■ **Task prompt**: In the copy, leave out the pictures and repeat all records exactly.
- - -
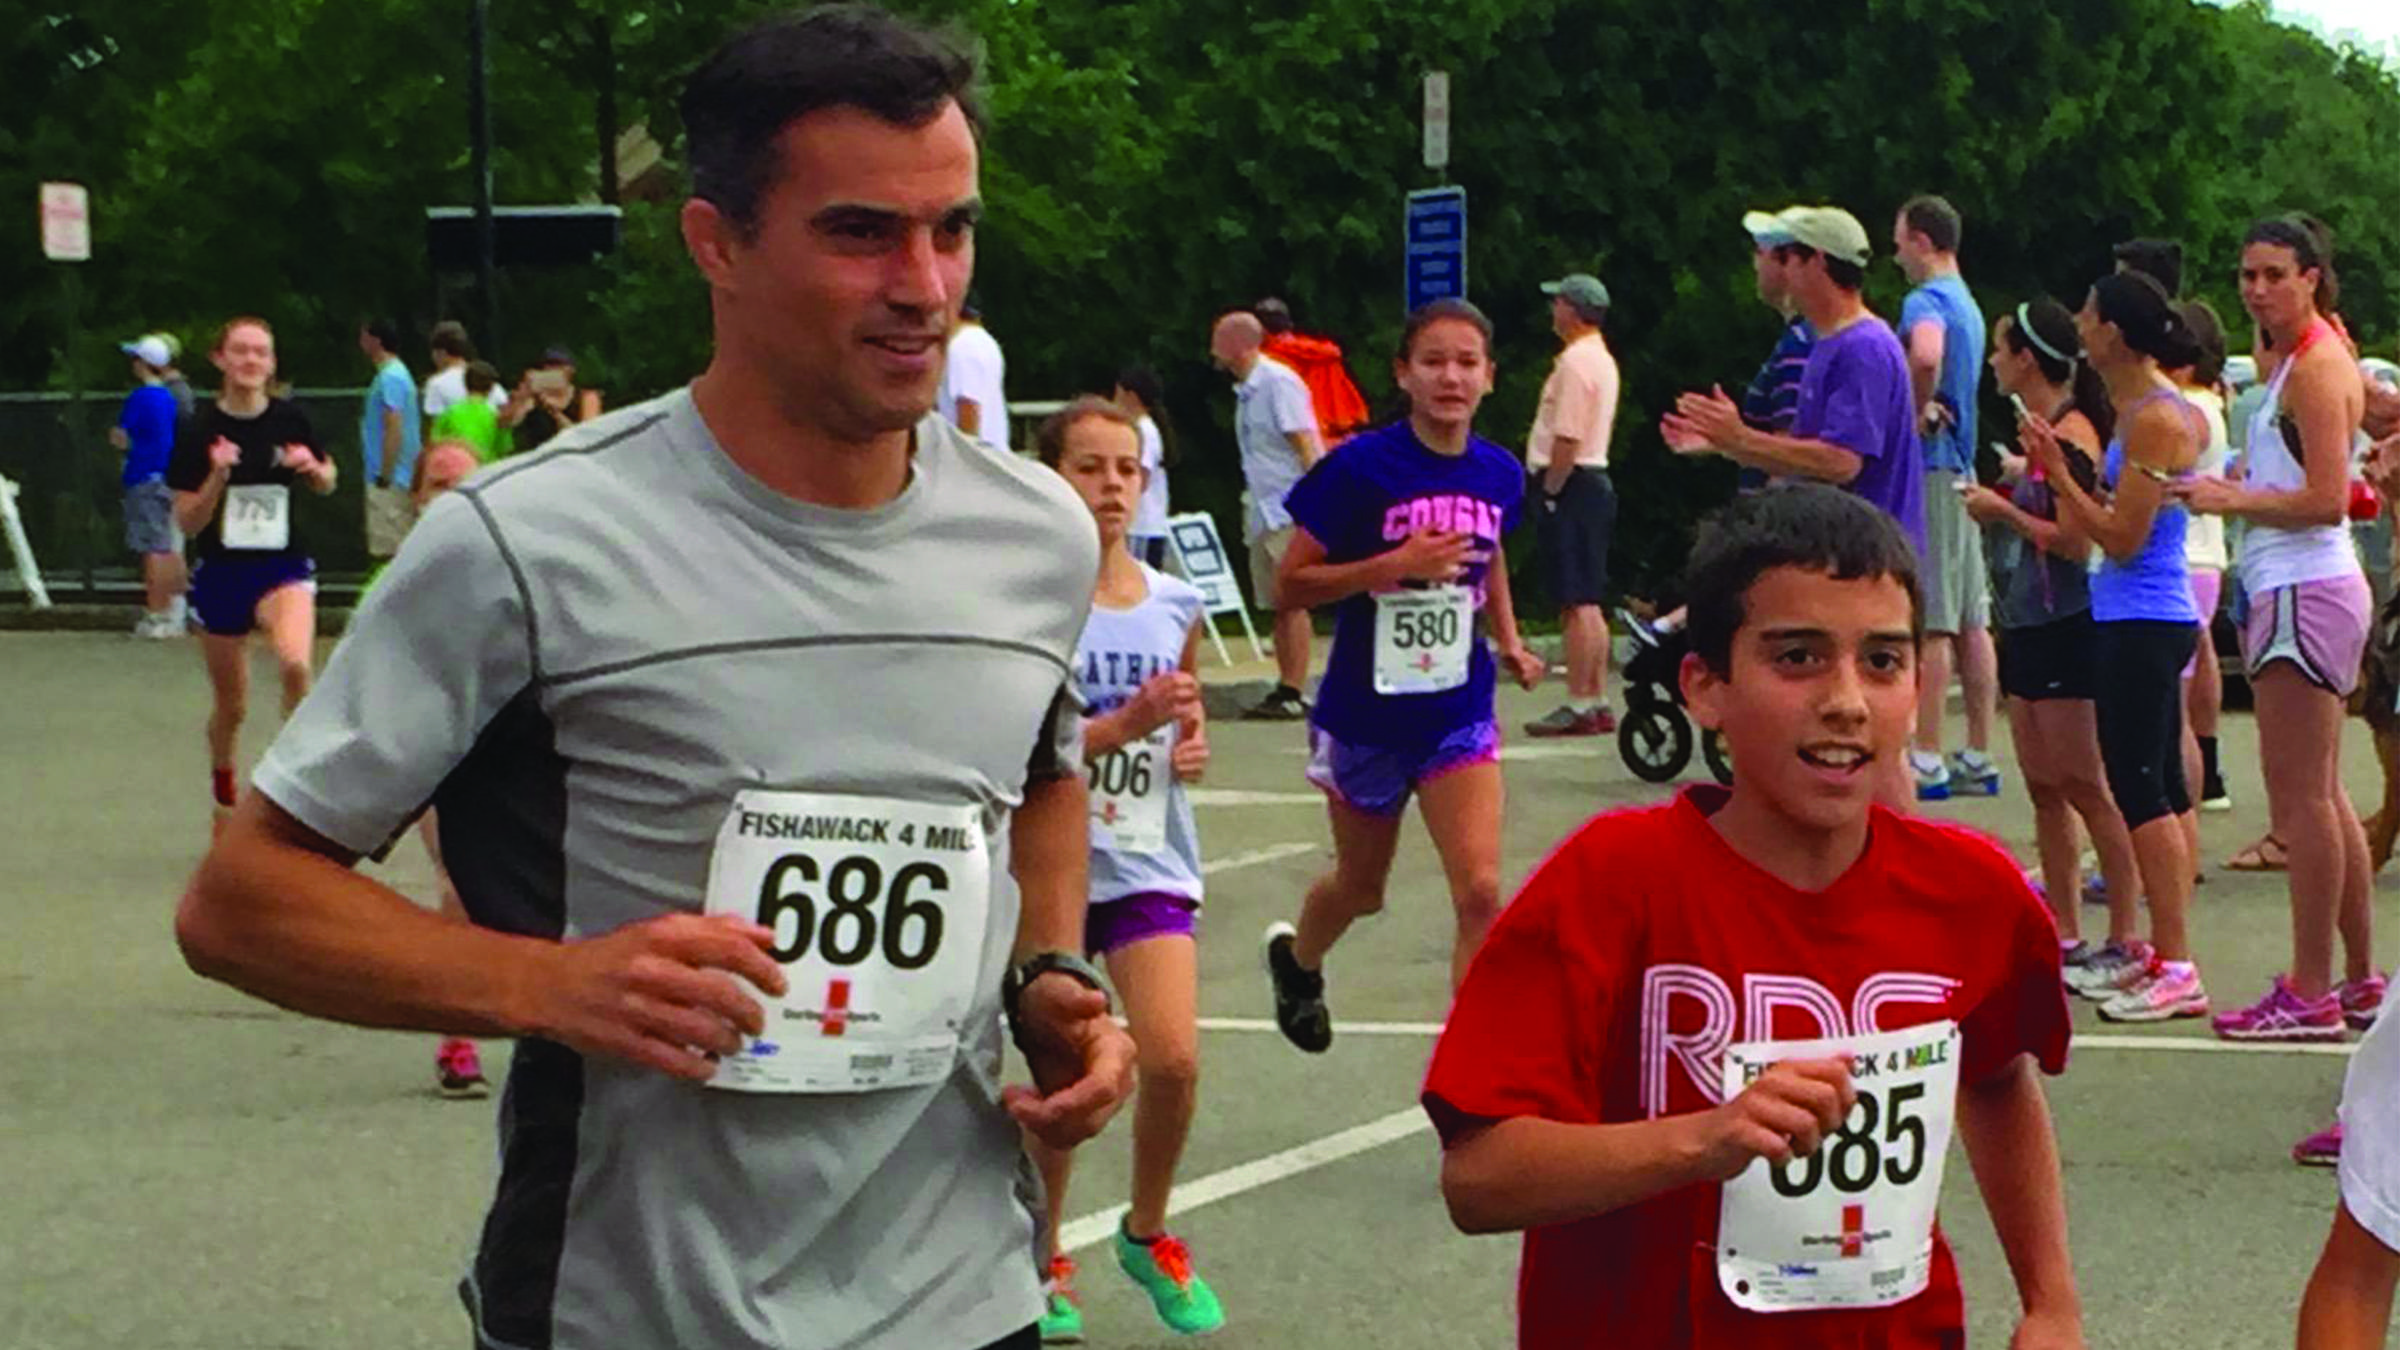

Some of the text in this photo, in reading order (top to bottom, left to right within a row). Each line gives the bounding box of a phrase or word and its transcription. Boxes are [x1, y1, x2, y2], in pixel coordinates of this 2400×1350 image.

[1393, 608, 1458, 649] 580
[738, 811, 890, 843] FISHAWACK
[898, 824, 915, 847] 4
[757, 852, 949, 970] 686
[1886, 1052, 1899, 1072] 4
- - -
■ **Task answer**:
Some of the text in this photo, in reading order (top to bottom, left to right within a row). Each line gives the bounding box of a phrase or word and its transcription. Boxes are [x1, y1, x2, y2], in pixel coordinates of this 2400×1350 image.

[1393, 608, 1458, 649] 580
[738, 811, 890, 843] FISHAWACK
[898, 824, 915, 847] 4
[757, 852, 949, 970] 686
[1886, 1052, 1899, 1072] 4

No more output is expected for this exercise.